The answer should be every line below, repeated exactly, with the images left out.

[Saved data entries]
[Start of Attachment]

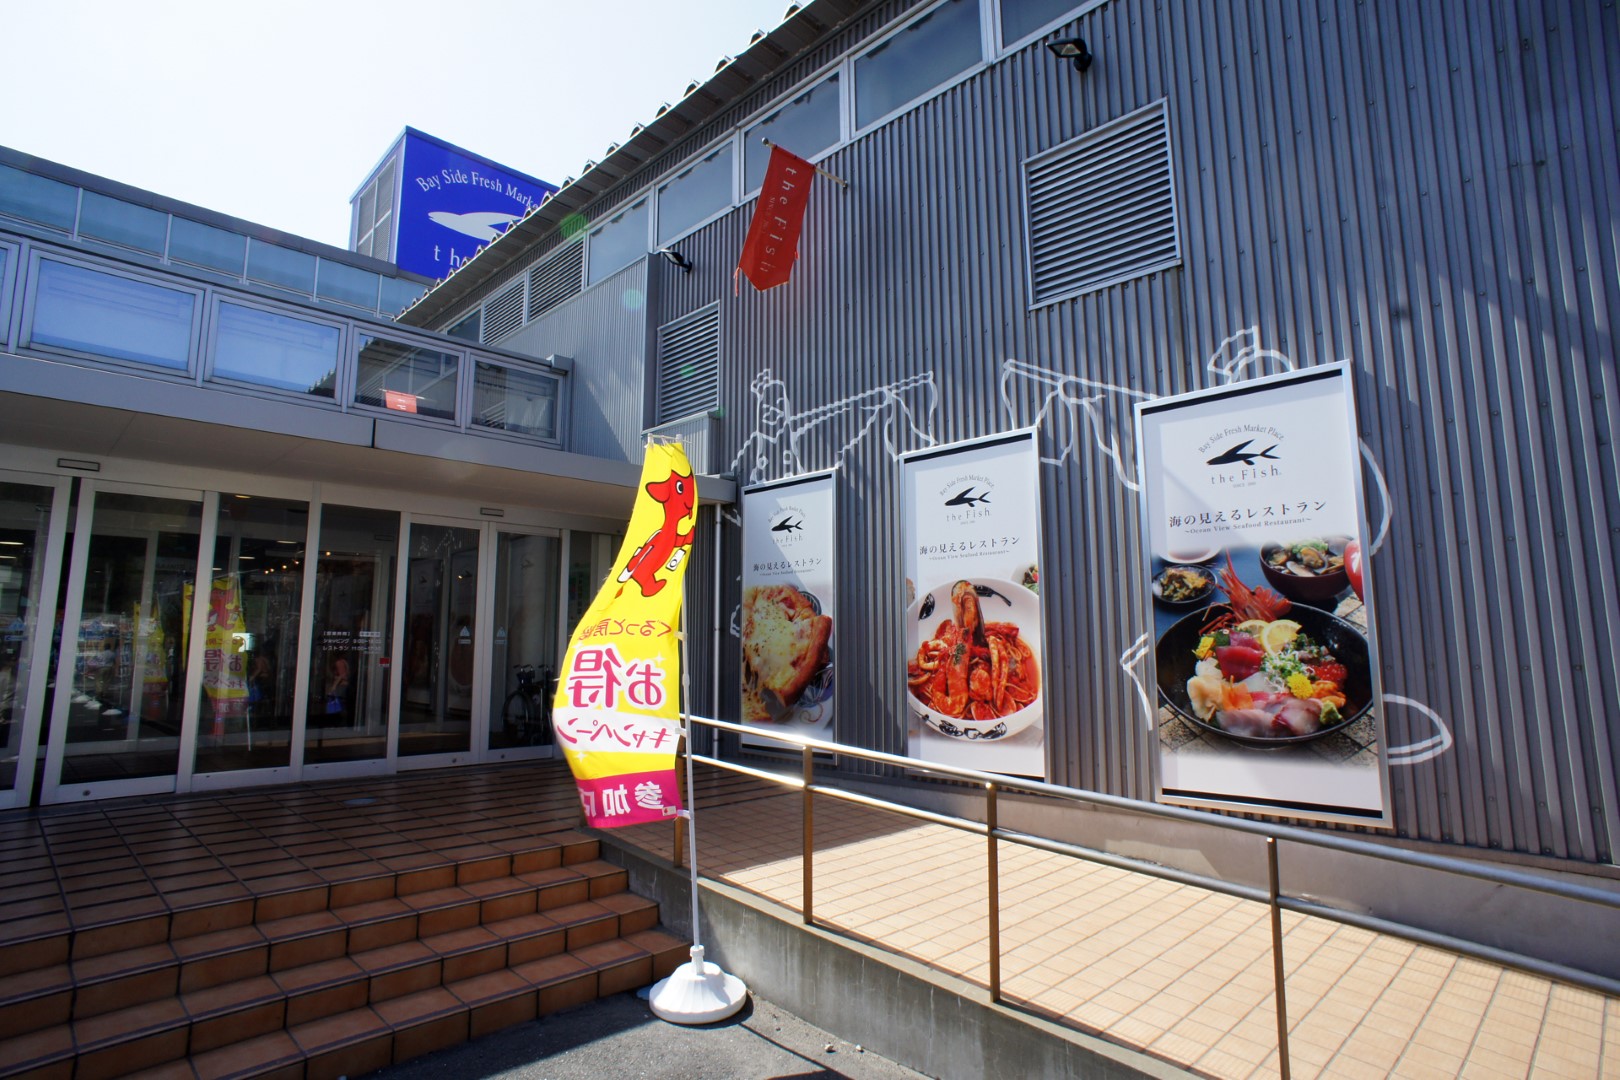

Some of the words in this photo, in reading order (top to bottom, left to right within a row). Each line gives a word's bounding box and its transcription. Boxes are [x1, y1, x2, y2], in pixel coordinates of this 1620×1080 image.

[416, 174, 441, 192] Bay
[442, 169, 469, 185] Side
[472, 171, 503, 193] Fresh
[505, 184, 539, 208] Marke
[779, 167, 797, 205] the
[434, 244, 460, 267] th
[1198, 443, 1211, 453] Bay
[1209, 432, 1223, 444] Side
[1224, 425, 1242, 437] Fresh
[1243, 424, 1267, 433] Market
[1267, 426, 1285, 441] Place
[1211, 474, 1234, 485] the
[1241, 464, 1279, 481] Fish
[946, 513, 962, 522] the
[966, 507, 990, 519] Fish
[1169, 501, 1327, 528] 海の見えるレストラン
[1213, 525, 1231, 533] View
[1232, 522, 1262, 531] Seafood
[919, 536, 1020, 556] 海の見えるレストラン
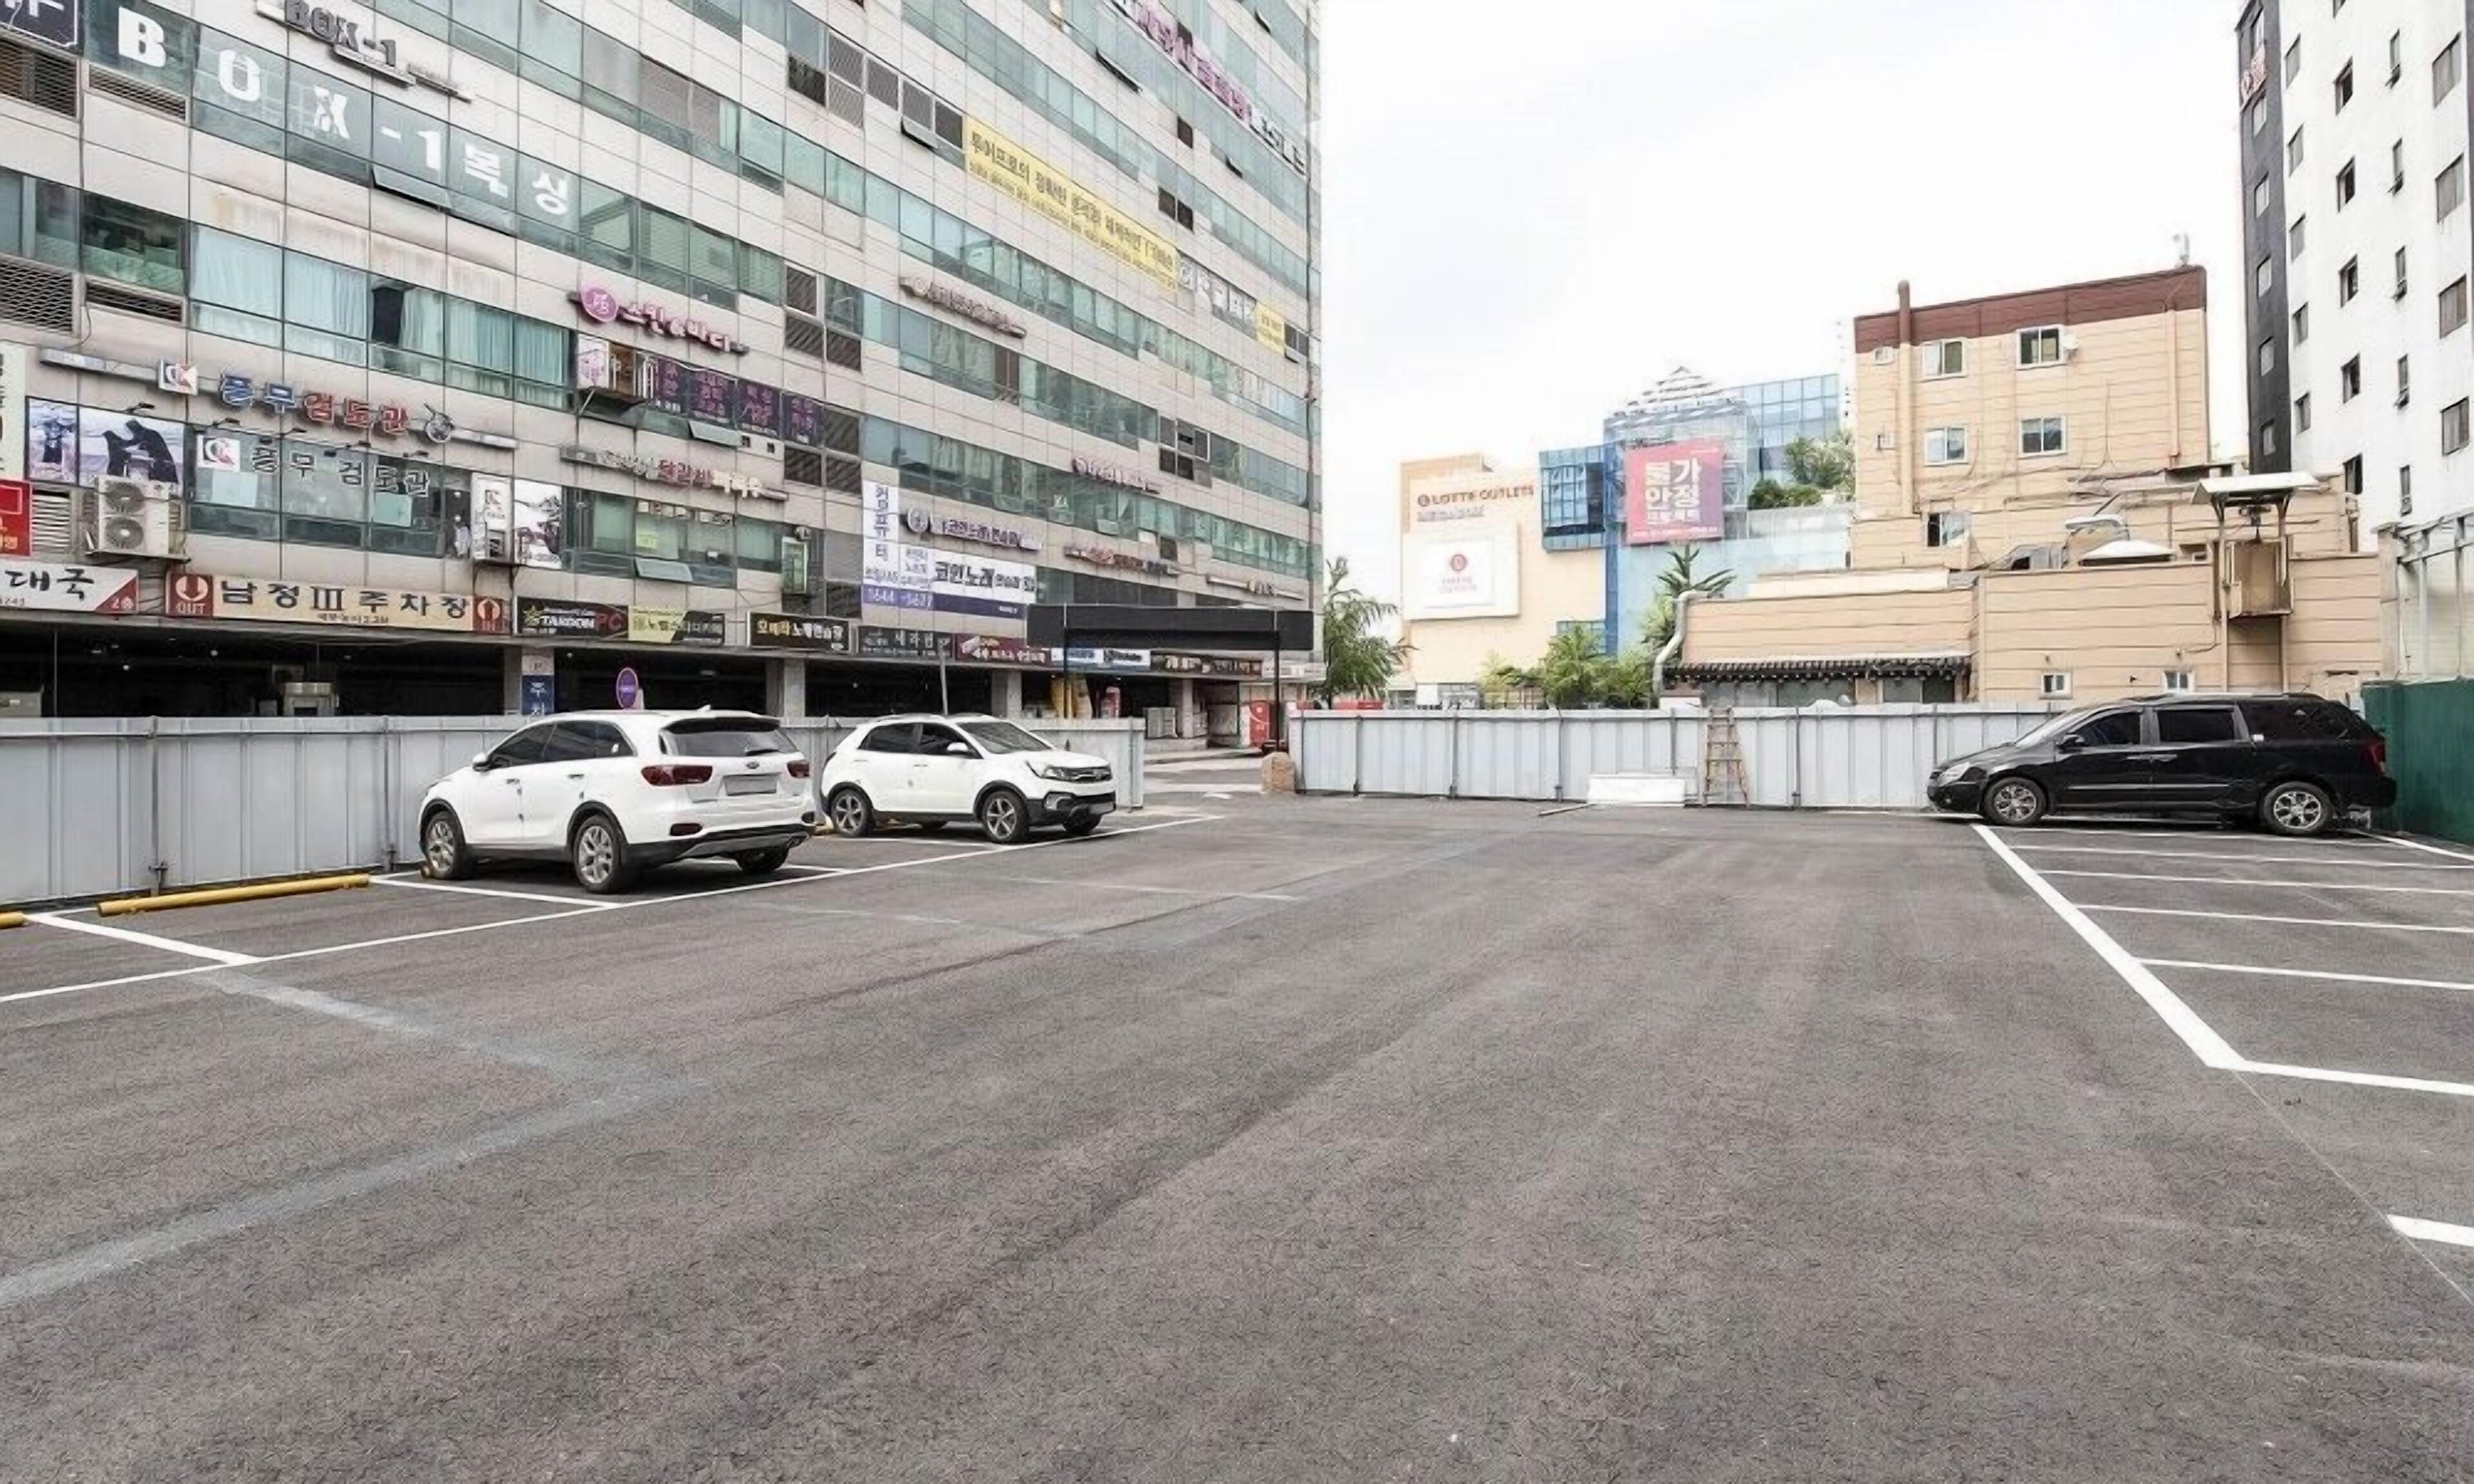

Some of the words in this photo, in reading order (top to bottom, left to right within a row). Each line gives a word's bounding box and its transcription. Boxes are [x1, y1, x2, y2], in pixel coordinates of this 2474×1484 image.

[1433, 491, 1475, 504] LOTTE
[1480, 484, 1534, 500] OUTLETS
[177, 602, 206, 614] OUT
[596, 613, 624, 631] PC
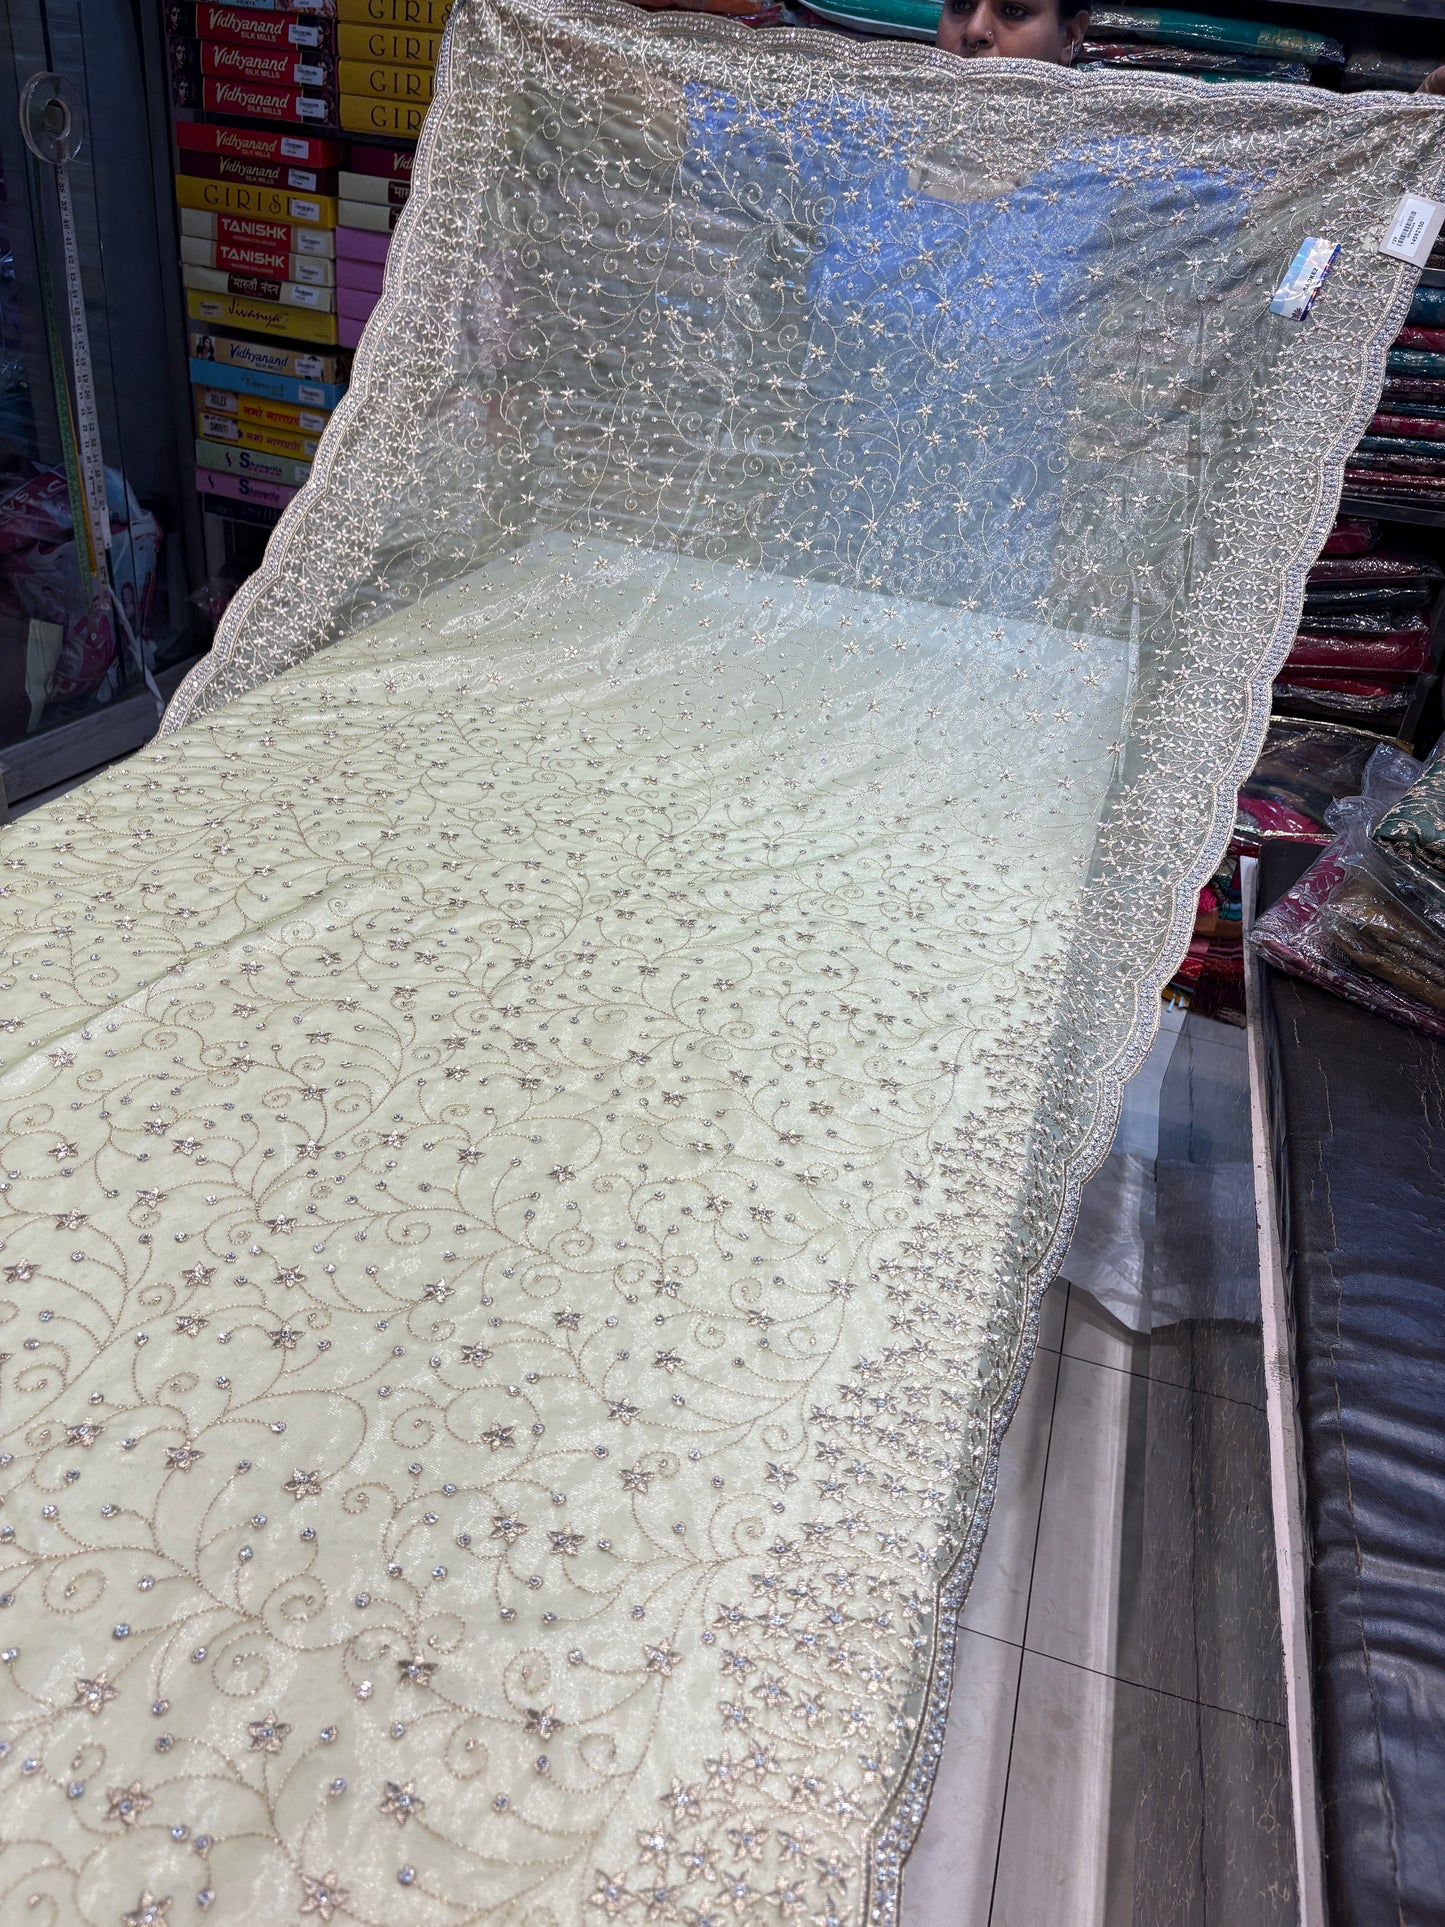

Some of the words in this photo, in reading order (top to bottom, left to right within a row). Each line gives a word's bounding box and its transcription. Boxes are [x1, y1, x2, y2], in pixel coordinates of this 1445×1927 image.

[End of Attachment]

RESULT FOR THIS TASK>
Some of the words in this photo, in reading order (top to bottom, left to right within a row). Each line gives a word's bounding box and its transcription. Boxes are [x1, y1, x2, y2], in pixel coordinates of this 1620×1080 image.

[416, 174, 441, 192] Bay
[442, 169, 469, 185] Side
[472, 171, 503, 193] Fresh
[505, 184, 539, 208] Marke
[779, 167, 797, 205] the
[434, 244, 460, 267] th
[1198, 443, 1211, 453] Bay
[1209, 432, 1223, 444] Side
[1224, 425, 1242, 437] Fresh
[1243, 424, 1267, 433] Market
[1267, 426, 1285, 441] Place
[1211, 474, 1234, 485] the
[1241, 464, 1279, 481] Fish
[946, 513, 962, 522] the
[966, 507, 990, 519] Fish
[1169, 501, 1327, 528] 海の見えるレストラン
[1213, 525, 1231, 533] View
[1232, 522, 1262, 531] Seafood
[919, 536, 1020, 556] 海の見えるレストラン

Some of the words in this photo, in reading order (top to bottom, left to right within a row). Each line gives a word's bounding box and its transcription. Boxes are [x1, y1, x2, y2], in pixel coordinates of this 2474×1484 image.

[1433, 491, 1475, 504] LOTTE
[1480, 484, 1534, 500] OUTLETS
[177, 602, 206, 614] OUT
[596, 613, 624, 631] PC

Some of the words in this photo, in reading order (top to bottom, left to right within a row). Each line gives a word's bounding box and its transcription. Boxes are [x1, y1, x2, y2], in pixel coordinates of this 1445×1927 image.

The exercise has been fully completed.